Os tumores hepáticos primários em crianças são extremamente raros, representando apenas 1% a 4% de todos os tumores sólidos pediátricos. Entre eles, o hepatoblastoma (HBL) é o mais comum nos primeiros dois anos de vida. Por outro lado, a hiperplasia nodular focal (HNF) costuma ser diagnosticada em idades mais avançadas e raramente é descrita como uma lesão congênita. A diferenciação entre essas condições, especialmente entre lesões semelhantes à HNF e o HBL puro-fetal, pode ser desafiadora, impactando diretamente nas decisões terapêuticas importantes. Este relato descreve um recém-nascido com uma lesão hepática congênita semelhante à HNF que foi inicialmente confundida com hepatoblastoma, resultando em uma ressecção hepática potencialmente evitável.
Apresentação do caso
Um recém-nascido de três dias foi encaminhado após detecção pré-natal de uma massa hepática. Inicialmente, suspeitou-se de hemangioma hepático, mas a ultrassonografia e a ressonância magnética com contraste mostraram características indeterminadas entre hemangioma e HBL. Após descartar a possibilidade de um hemangioma, o paciente foi submetido a uma biópsia percutânea que sugeriu HBL de padrão fetal bem diferenciado, apoiando a decisão de uma hepatectomia direita. Contudo, a análise definitiva da peça cirúrgica concluiu tratar-se de uma lesão semelhante à hiperplasia nodular focal.

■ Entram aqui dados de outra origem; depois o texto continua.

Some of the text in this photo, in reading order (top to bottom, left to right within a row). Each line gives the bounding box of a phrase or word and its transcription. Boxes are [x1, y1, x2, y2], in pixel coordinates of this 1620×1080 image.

Veja as características histológicas
A lesão era composta por trabéculas hepáticas bem organizadas, dilatação sinusoidal e espaços portais preservados. A marcação imunohistoquímica confirmou positividade para β-catenina (padrão de membrana) e glicoproteína glicpican-3, mas sem os padrões nucleares típicos do HBL, favorecendo na verdade, o diagnóstico de HNF.

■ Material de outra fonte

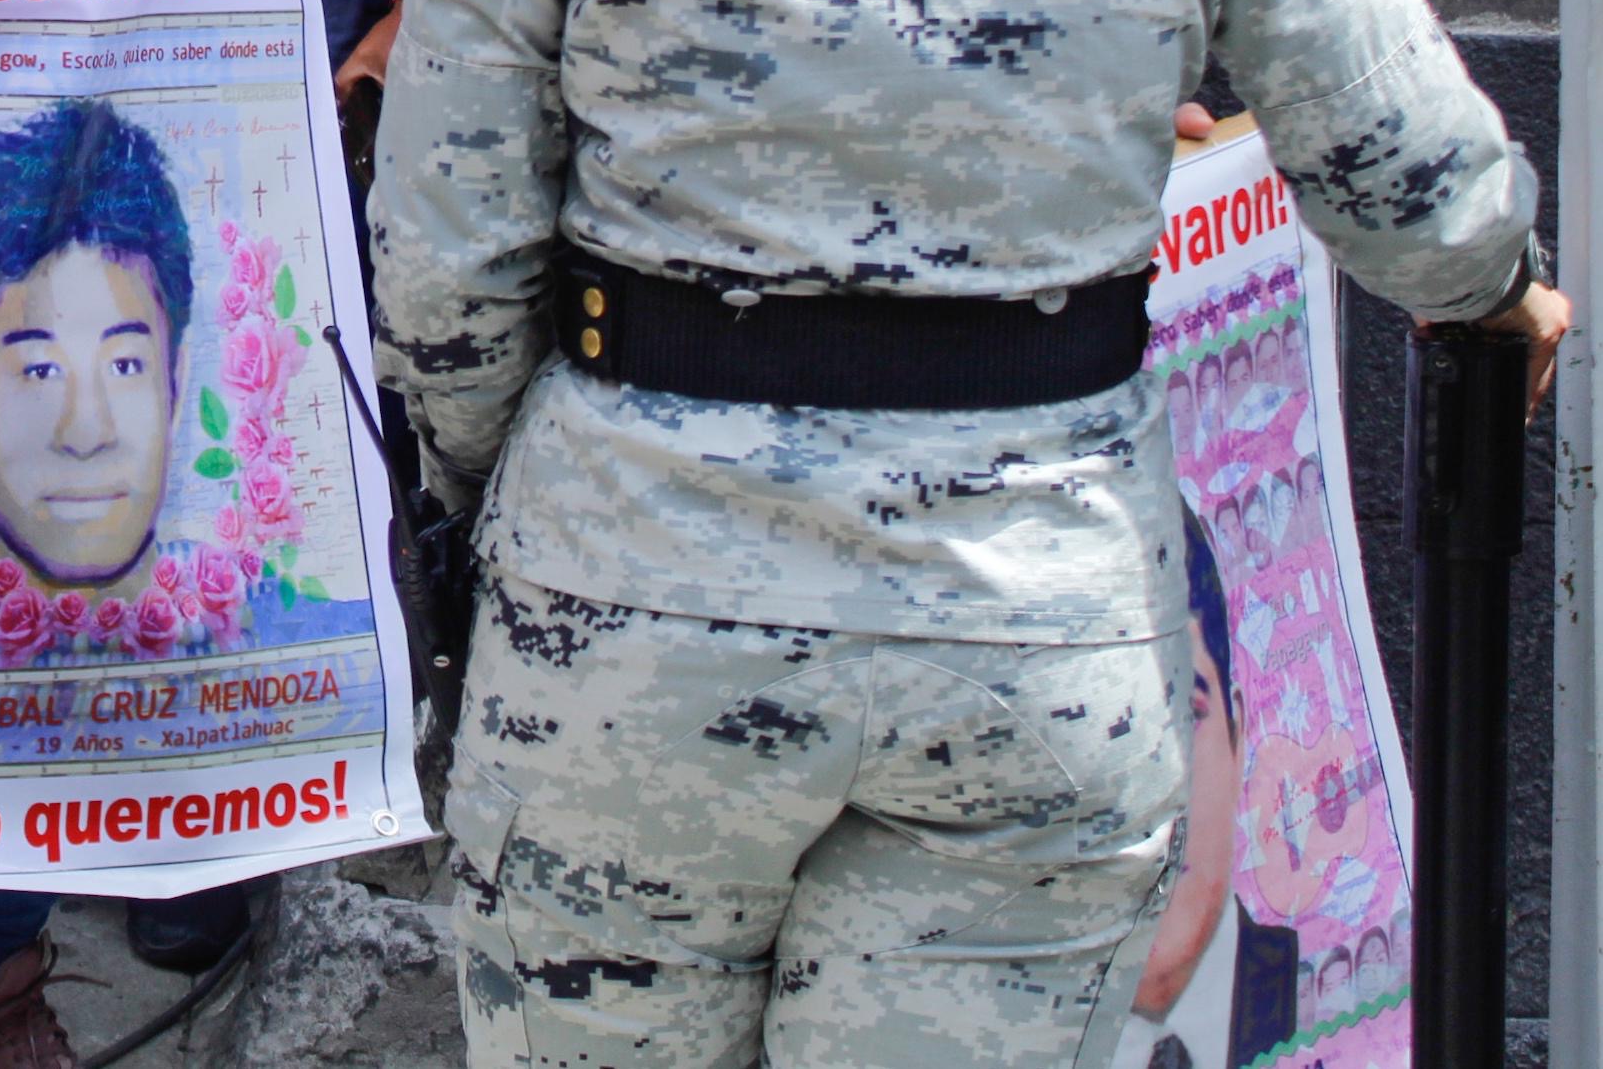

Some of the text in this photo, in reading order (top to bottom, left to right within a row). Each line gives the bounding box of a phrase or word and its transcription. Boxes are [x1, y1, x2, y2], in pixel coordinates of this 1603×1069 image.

[62, 50, 118, 70] Escocia,
[123, 45, 165, 68] quiero
[172, 42, 213, 61] saber
[220, 40, 259, 59] dónde
[265, 38, 295, 58] está
[90, 687, 179, 724] CRUZ
[199, 668, 341, 715] MENDOZA
[35, 735, 62, 755] 19
[72, 734, 124, 753] Años
[161, 717, 295, 749] Xalpatlahuac
[23, 760, 350, 863] queremos!

Revisão da literatura — Casos semelhantes
A análise da literatura identificou apenas oito outros casos semelhantes relatados. As características comuns incluíram localização no lobo hepático direito, tamanho médio de cerca de 3,7 cm e níveis normais ou discretamente elevados de alfa-fetoproteína (AFP). Em metade dos casos, a biópsia prévia permitiu o diagnóstico correto, evitando ressecções desnecessárias.
Aspectos radiológicos e imunohistoquímicos
As imagens por ressonância magnética (RM) e tomografia não apresentaram o clássico sinal de cicatriz central, dificultando a distinção da lesão. Além disso, a positividade para glicpican-3, frequentemente associada a malignidade, contribuiu para a suspeita equivocada de HBL. A falta de padrões moleculares específicos e a semelhança histológica entre FNH e HBL puro-fetal representam um grande desafio diagnóstico.
Figura 1. Adaptado de World J Pediatr Surg. 2025 Apr 14;8(2):e00098 – RM com contraste mostrando massa nodular polilobada medindo 30×28 mm caracterizada por hipersinal não homogêneo nas sequências ponderadas em T2 (A transversal; B coronal) e hipossinal leve nas sequências ponderadas em T1 (C coronal, D transversal).
Implicações clínicas
Este caso ressalta a importância de considerar as lesões semelhantes à hiperplasia nodular focal (HNF-like) no diagnóstico diferencial de massas hepáticas congênitas, especialmente em recém-nascidos assintomáticos. Ainda que a cirurgia tenha permitido um diagnóstico definitivo, a melhor caracterização pré-operatória poderia ter evitado a hepatectomia.
Conclusão
A lesão semelhante à hiperplasia nodular focal (HNF-like) congênita é uma entidade extremamente rara que pode mimetizar hepatoblastoma em recém-nascidos, levando a decisões terapêuticas radicais, como a hepatecmotomia. A sobreposição clínica, radiológica e imunohistoquímica entre essas duas condições torna o diagnóstico pré-operatório desafiador, até mesmo para cirurgiões pediátricos experientes. Este caso evidencia a necessidade de cautela na interpretação de biópsias limitadas e a consideração de HFN-like no espectro de diagnósticos diferenciais para massas hepáticas congênitas. Embora a ressecção possa ser necessária em alguns casos para diagnóstico definitivo, maior conhecimento dessa possibilidade pode ajudar a evitar intervenções cirúrgicas desnecessárias no futuro.